Museum Celebrates 10th Anniversary of Quadracci Pavilion with Calatrava Exhibition
Milwaukee Art Museum exhibition honors Santiago Calatrava masterpiece
Milwaukee, Wis. – July 25, 2011 – It has been named the sexiest building in the world, featured in TV ads and shows and Hollywood movies, and it has transformed the city of Milwaukee. In September, the Milwaukee Art Museum celebrates the 10th anniversary of its iconic building, the Quadracci Pavilion, with the exhibition Building a Masterpiece: Santiago Calatrava and the Milwaukee Art Museum.
Designed by internationally renowned architect Santiago Calatrava, the Quadracci Pavilion was the Spaniard’s first completed commission in the United States. In 2001, it was named TIME Magazine “Best Design of 2001.”
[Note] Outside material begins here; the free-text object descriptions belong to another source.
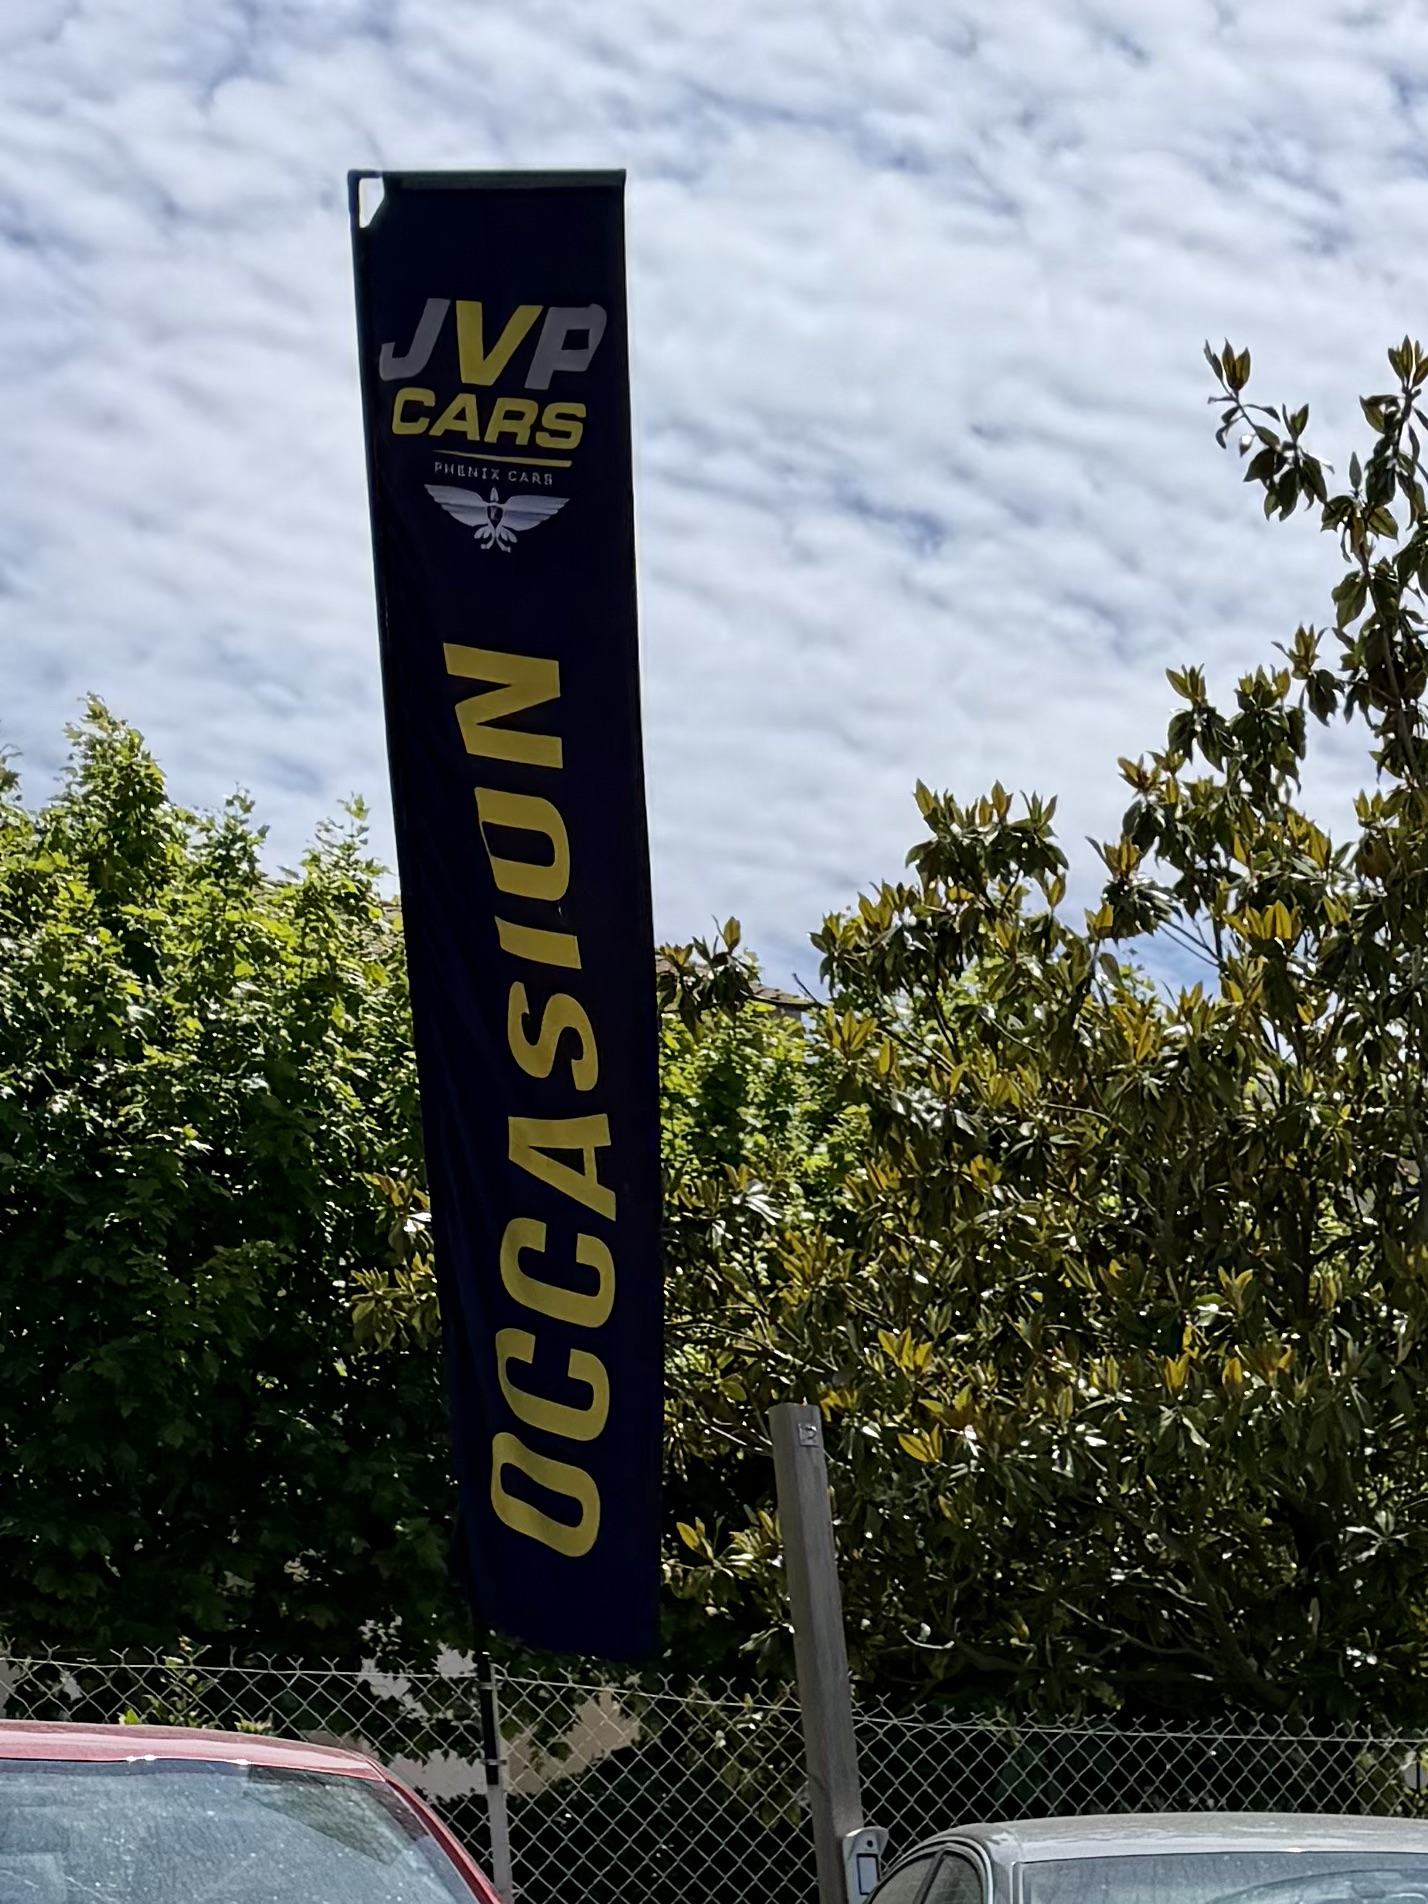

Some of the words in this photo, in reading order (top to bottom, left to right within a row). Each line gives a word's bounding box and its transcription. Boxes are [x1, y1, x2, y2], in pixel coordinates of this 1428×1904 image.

[379, 297, 608, 391] JVP
[391, 386, 587, 450] CARS
[442, 641, 617, 1557] OCCASION
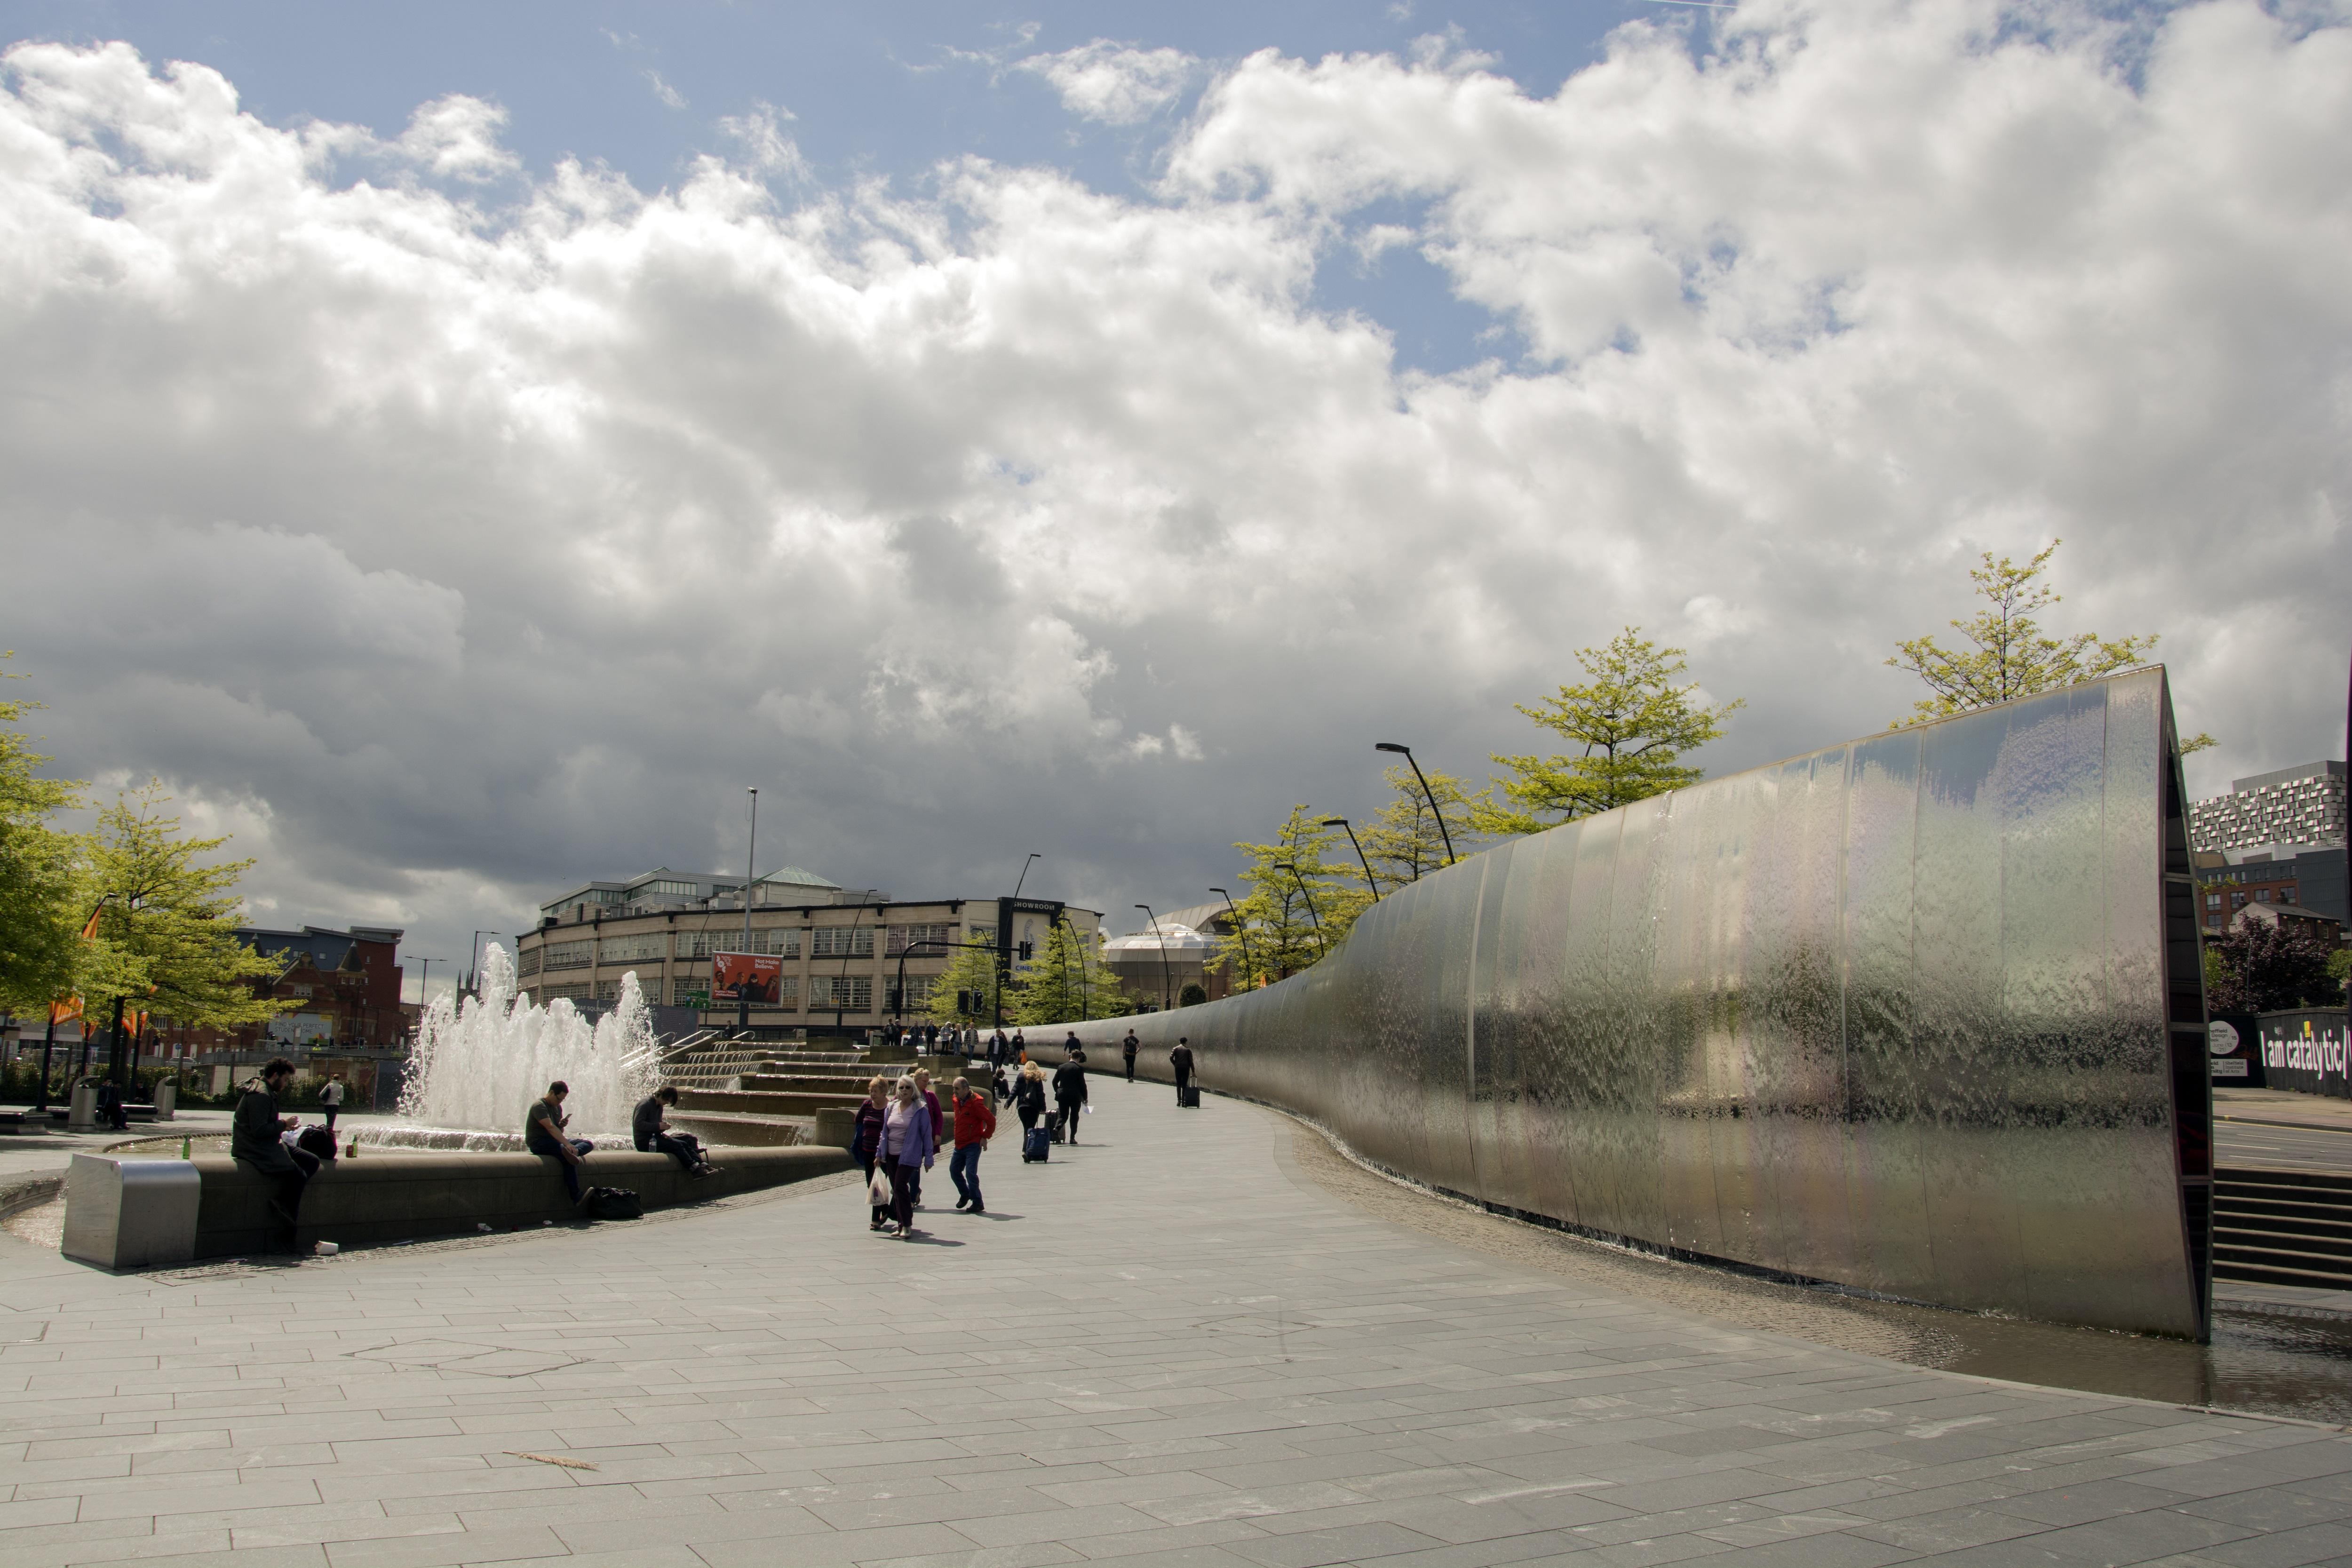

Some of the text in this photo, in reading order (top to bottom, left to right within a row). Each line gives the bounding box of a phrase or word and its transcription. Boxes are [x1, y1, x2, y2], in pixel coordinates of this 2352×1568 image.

[1013, 901, 1055, 910] SHOWROOM
[2260, 1031, 2266, 1067] I
[2267, 1040, 2285, 1067] am
“The exhibition features watercolors and models by the architect—works of art in themselves—that track the evolution of the building’s design,” said Chief Curator Brady Roberts. “The watercolors have a stream-of-consciousness-like quality, as the imagery flows from humans to sails, to Lake Michigan, to uncanny representations of Windhover Hall, imagined at the very outset of Calatrava’s design process in the mid-1990s. His models reveal the complex development of the moving wings of the Burke Brise Soleil, one of the most spectacular architectural elements in the world.”
Building a Masterpiece further highlights the construction of the entirely custom-made project, a testament to Milwaukee’s tradition of precision manufacturing and craftsmanship, through photographs, drawings, and models. Visitors will also be invited to submit their favorite photographs of the Museum—of its interior as well as its exterior. The best of these will be included in the exhibition, demonstrating how significantly the building has brought a sense of pride in, as well as international attention to, the city.
Building a Masterpiece: Santiago Calatrava and the Milwaukee Art Museum will be on view September 8, 2011, through January 1, 2012.
ABOUT THE MILWAUKEE ART MUSEUM
The Milwaukee Art Museum’s far-reaching holdings include more than 25,000 works spanning antiquity to the present day. With a history dating back to 1888, the Museum houses a collection with strengths in 19th- and 20th-century American and European art, contemporary art, American decorative arts, and folk and self-taught art. The Museum includes the Santiago Calatrava-designed Quadracci Pavilion, named by Time magazine as “Best Design of 2001.” For more information, please visit www.mam.org.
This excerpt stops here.